Referring expression grounding data
--------

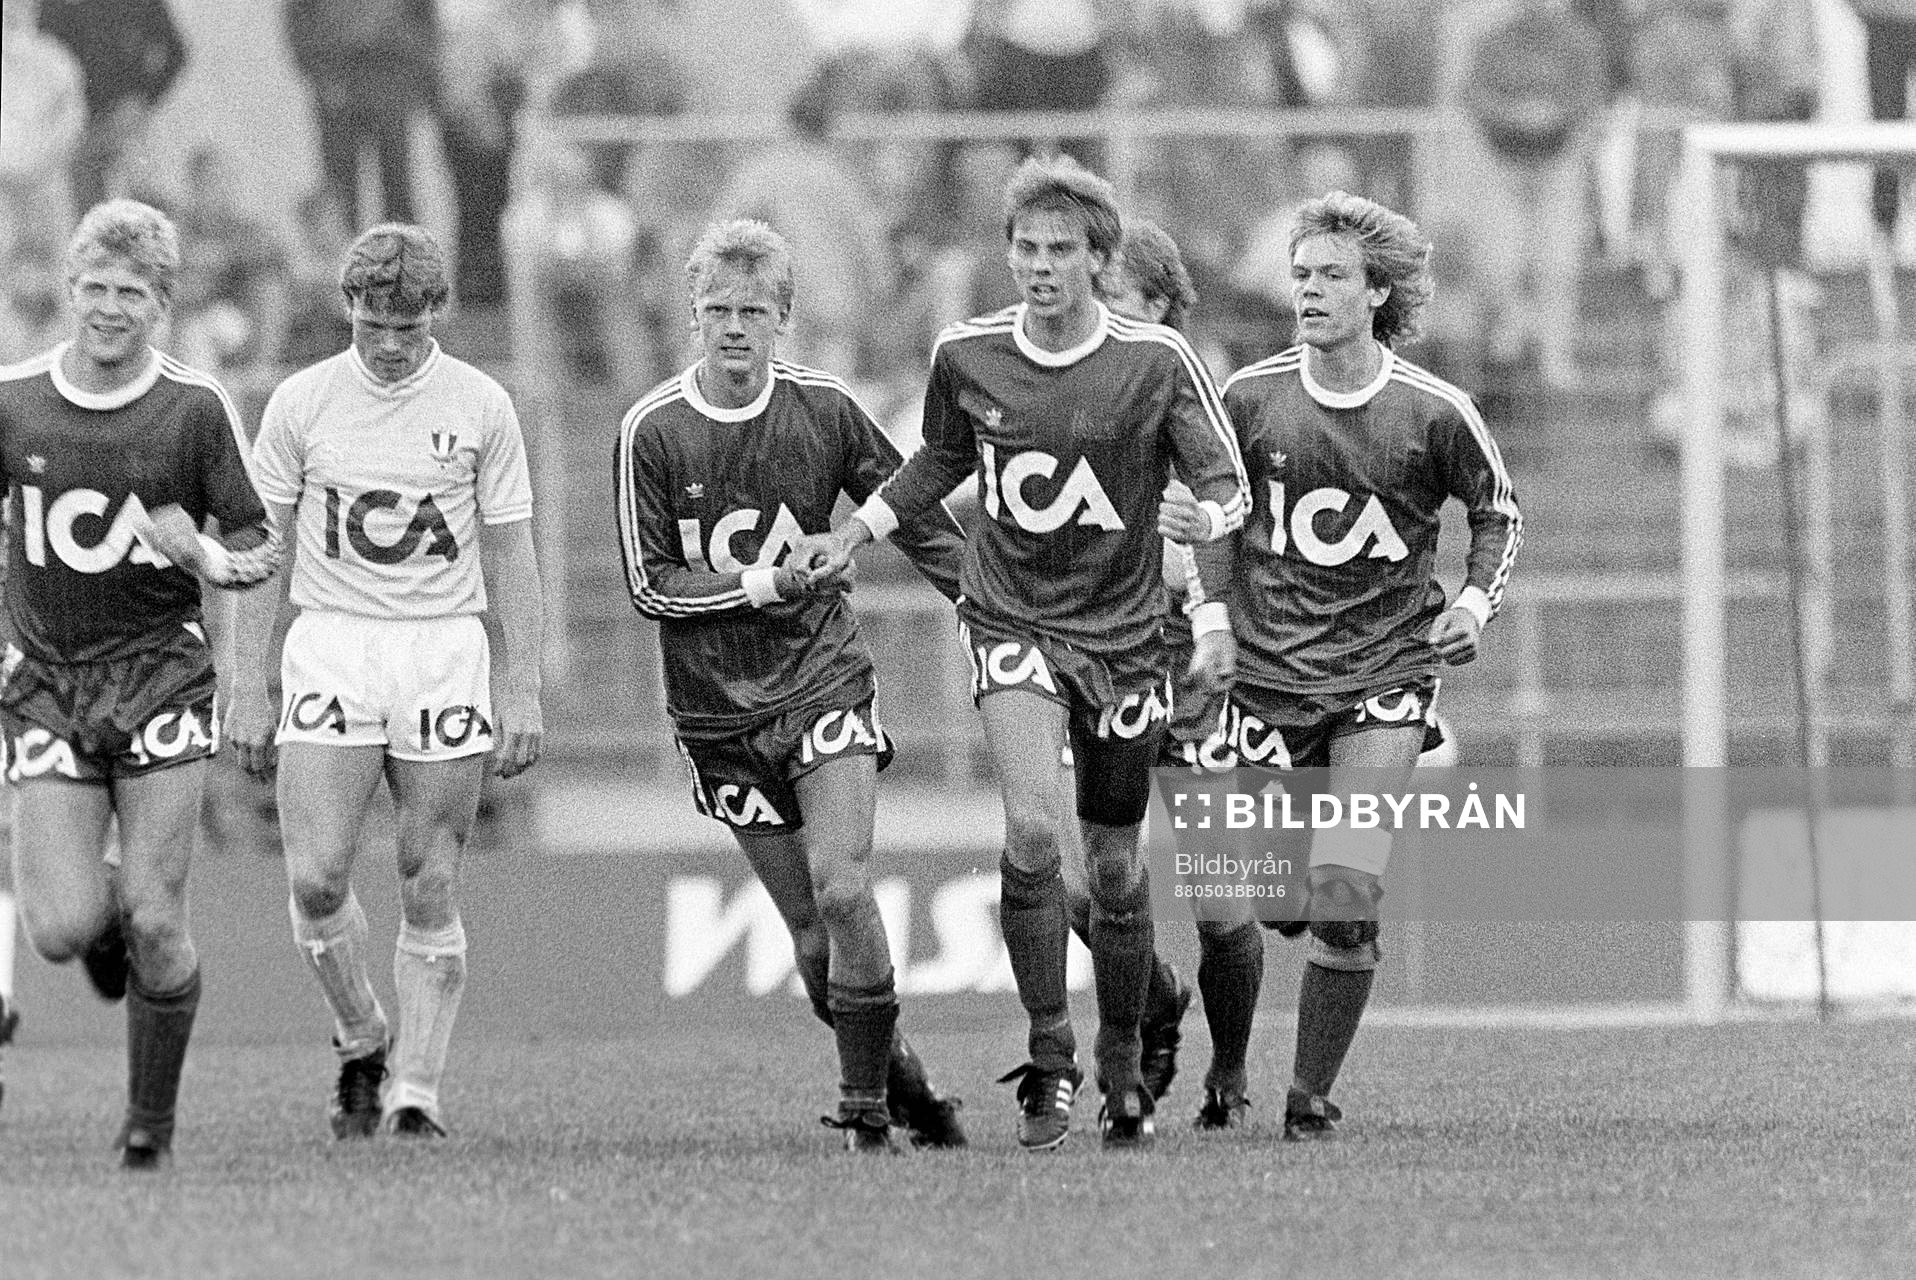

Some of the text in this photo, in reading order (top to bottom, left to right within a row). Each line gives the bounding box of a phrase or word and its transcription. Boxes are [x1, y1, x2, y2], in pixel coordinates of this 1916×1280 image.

[982, 441, 1126, 534] ICA
[22, 485, 173, 574] ICA
[325, 487, 460, 565] ICA
[1268, 480, 1410, 567] ICA
[977, 642, 1057, 694] ICA
[130, 706, 212, 765] ICA
[283, 692, 346, 734] ICA
[420, 704, 492, 752] ICA
[802, 709, 877, 764] ICA
[1097, 686, 1168, 739] ICA
[1227, 704, 1294, 771] ICA
[8, 728, 79, 781] ICA
[709, 784, 785, 826] ICA

--------

**What to produce**
Output the data above exactly; pictures do not belong in the copy.

**Response to the exercise**
Some of the text in this photo, in reading order (top to bottom, left to right within a row). Each line gives the bounding box of a phrase or word and its transcription. Boxes are [x1, y1, x2, y2], in pixel coordinates of this 1916×1280 image.

[982, 441, 1126, 534] ICA
[22, 485, 173, 574] ICA
[325, 487, 460, 565] ICA
[1268, 480, 1410, 567] ICA
[977, 642, 1057, 694] ICA
[130, 706, 212, 765] ICA
[283, 692, 346, 734] ICA
[420, 704, 492, 752] ICA
[802, 709, 877, 764] ICA
[1097, 686, 1168, 739] ICA
[1227, 704, 1294, 771] ICA
[8, 728, 79, 781] ICA
[709, 784, 785, 826] ICA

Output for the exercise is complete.